McLAUGHLIN, Circuit Judge:

Defendant Wing (David) Kwong appeals his conviction and a combined Guidelines sentence of 293 months (over 24 years) imposed by the United States District Court for the Eastern District of New York (Glasser, J.), in connection with two separate indictments. Kwong pled guilty in 1988 to a conspiracy to possess and export munitions without the requisite license, in violation of 18 U.S.C. Sec. 371 (1988), and possession of unregistered firearms, in violation of 26 U.S.C. Sec. 5861(d) (1988). Before he was sentenced, however, Kwong was again indicted, tried and convicted in 1992 of a far more serious offense: attempting to murder an assistant U.S. attorney, in violation of 18 U.S.C. Sec. 1114 (1988 & Supp. IV 1992). Only his second conviction is challenged on this appeal, along with the 293-month sentence imposed as concurrent punishment for both convictions.

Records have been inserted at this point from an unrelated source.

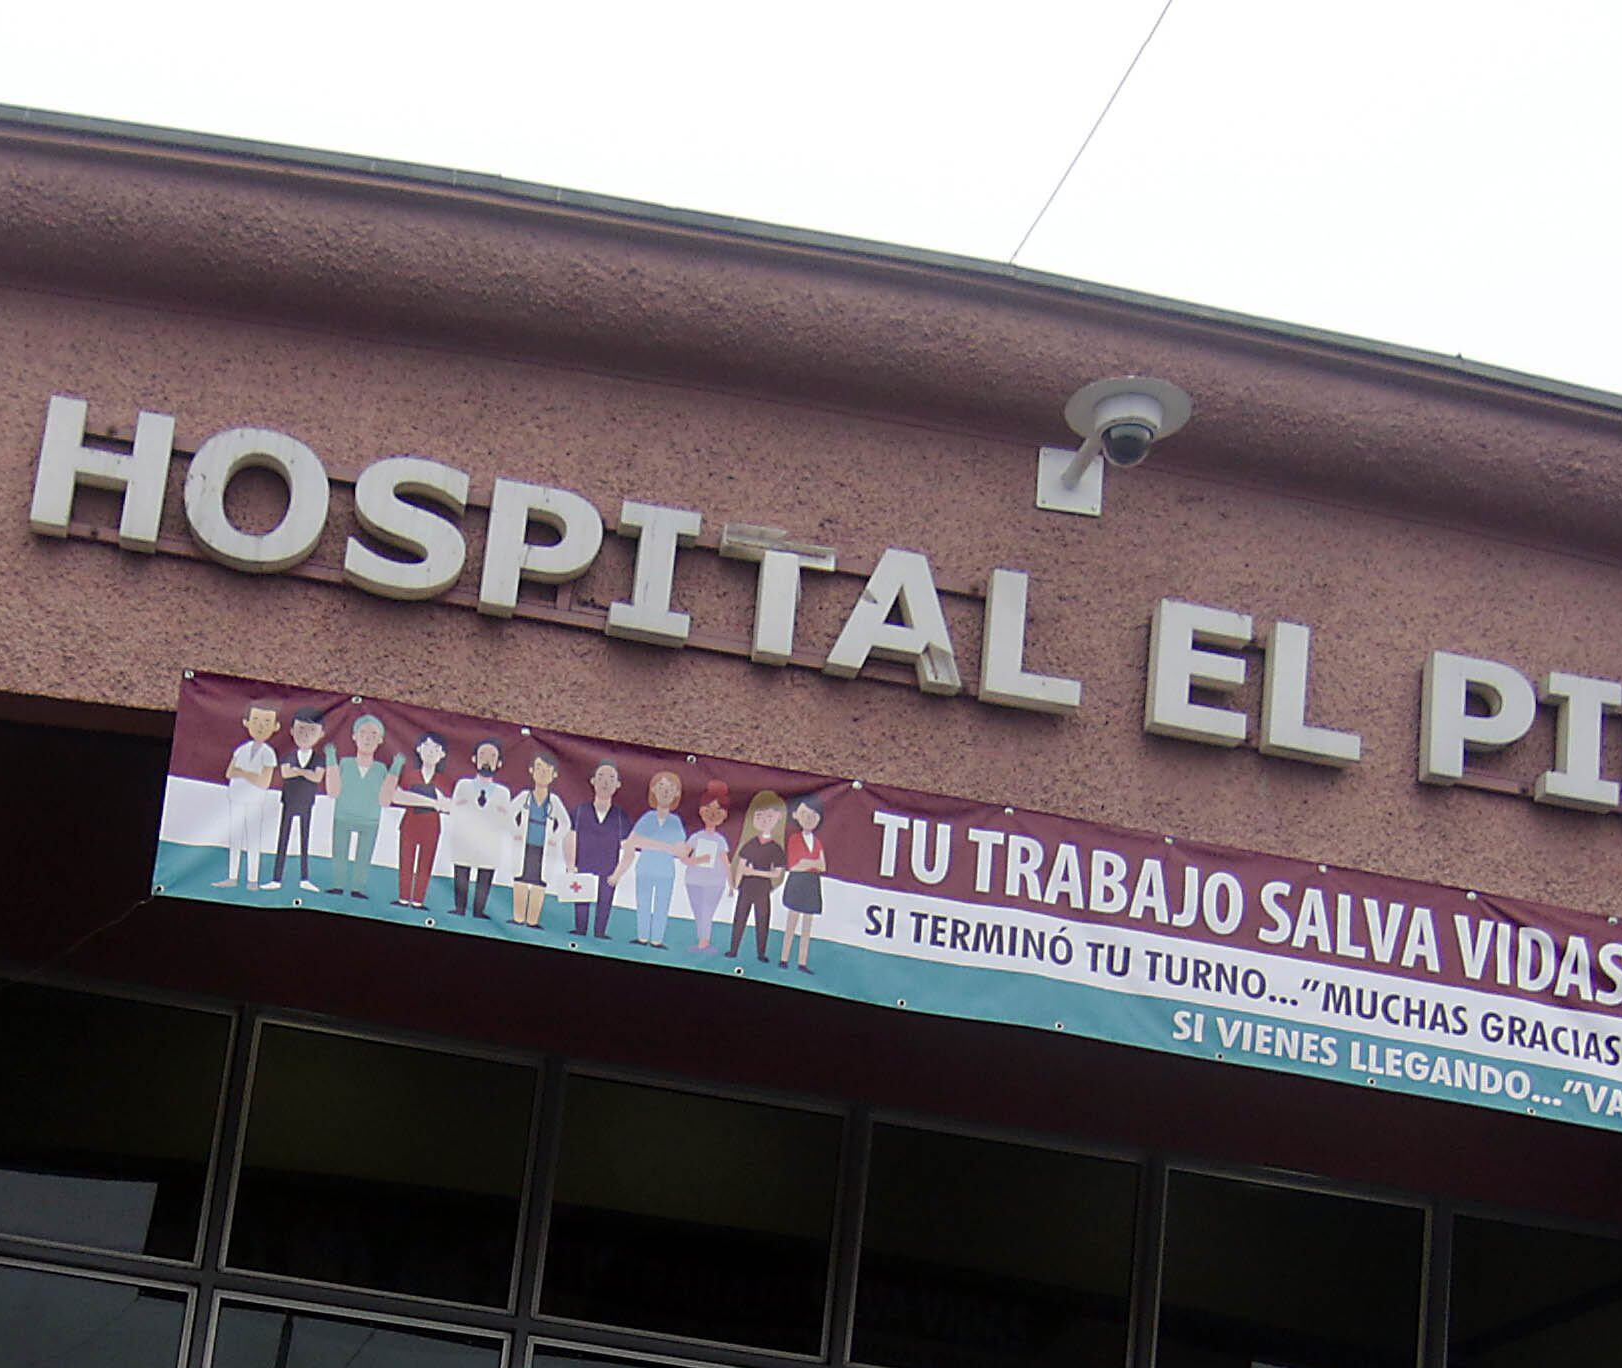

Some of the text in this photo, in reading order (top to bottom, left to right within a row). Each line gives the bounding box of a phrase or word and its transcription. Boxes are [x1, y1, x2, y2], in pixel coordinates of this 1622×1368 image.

[30, 395, 1082, 714] HOSPITAL
[1144, 598, 1360, 768] EL
[872, 809, 951, 884] TU
[968, 827, 1243, 935] TRABAJO
[1258, 881, 1441, 974] SALVA
[865, 904, 895, 938] SI
[910, 911, 1074, 966] TERMINÓ
[1086, 941, 1131, 977] TU
[1480, 1011, 1621, 1067] GRACIAS
[1172, 1010, 1204, 1043] SI
[1216, 1016, 1338, 1067] VIENES

On appeal, Kwong raises three issues. First, he contends that the evidence was insufficient to prove his identity as the offender or to prove that he possessed the necessary intent to commit the crime of attempted murder. Second, he argues that the district court improperly charged the jury concerning the definition of the required intent. Finally, he contends that the court erred in calculating his adjusted offense level under the Sentencing Guidelines and in assigning his criminal history category. For the reasons stated below, we conclude that there was sufficient evidence to support the verdict, but that the charge on the intent required for attempted murder was erroneous. We therefore reverse the conviction and order a new trial. We see no need to reach the sentencing issue.

BACKGROUND

The tale leading up to the convictions here combines the clues of a dime store "whodunit" and the low-tech gadgetry of a James Bond "wannabe." It culminates in the attempted assassination of an assistant United States attorney ("AUSA") by sending her a booby-trapped briefcase. The core of the plot is who did it: the defendant, David Kwong, or his nemesis, Chan Wing Yeung.

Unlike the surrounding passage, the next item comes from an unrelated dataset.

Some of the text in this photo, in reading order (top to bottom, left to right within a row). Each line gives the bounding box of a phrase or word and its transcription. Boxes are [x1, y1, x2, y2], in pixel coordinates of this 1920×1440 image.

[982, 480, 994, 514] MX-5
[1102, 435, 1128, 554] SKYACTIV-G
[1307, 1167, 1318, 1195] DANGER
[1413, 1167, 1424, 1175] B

In April 1988, defendant David Kwong was arrested after selling 63 machine guns to an undercover agent. He pled guilty to conspiracy to deal in munitions without the proper license and possessing unregistered firearms, and he entered into a cooperation agreement with the government. Kwong was then released to begin working as an informant for the Drug Enforcement Administration ("DEA").

Kwong was a difficult informant. According to his handlers, he displayed an acute anxiety over his impending sentence and, consequently, he pressed to make bigger cases, often promising more than he could deliver. Even his own counsel on appeal characterized him as "something of an irritating 'nudge.' " Appellant's Brief at 7. On one occasion, Kwong called AUSA Catherine Palmer (known to the Asian drug lords as the "Dragon Lady") with his usual complaint: the DEA agents for whom he worked refused to go after any "big cases," including a reputed Chinatown crime figure named Chan Wing Yeung ("Chan"). Palmer's response was to "yell at" defendant, informing him that, as far as she was concerned, the DEA should not be working with Kwong at all. She hung up on him. The DEA eventually washed its hands of Kwong, and in October 1989, he shifted his allegiance to the FBI. As he had done with the DEA, Kwong promised agents that he could provide valuable information about Chan, a target in whom they were already interested. In early 1990, Kwong called FBI Agent Ernest Cavagnaro at his home with some insignificant information about an unrelated case, and then informed the agent that Chan had cash, weapons, and gambling chits in his apartment.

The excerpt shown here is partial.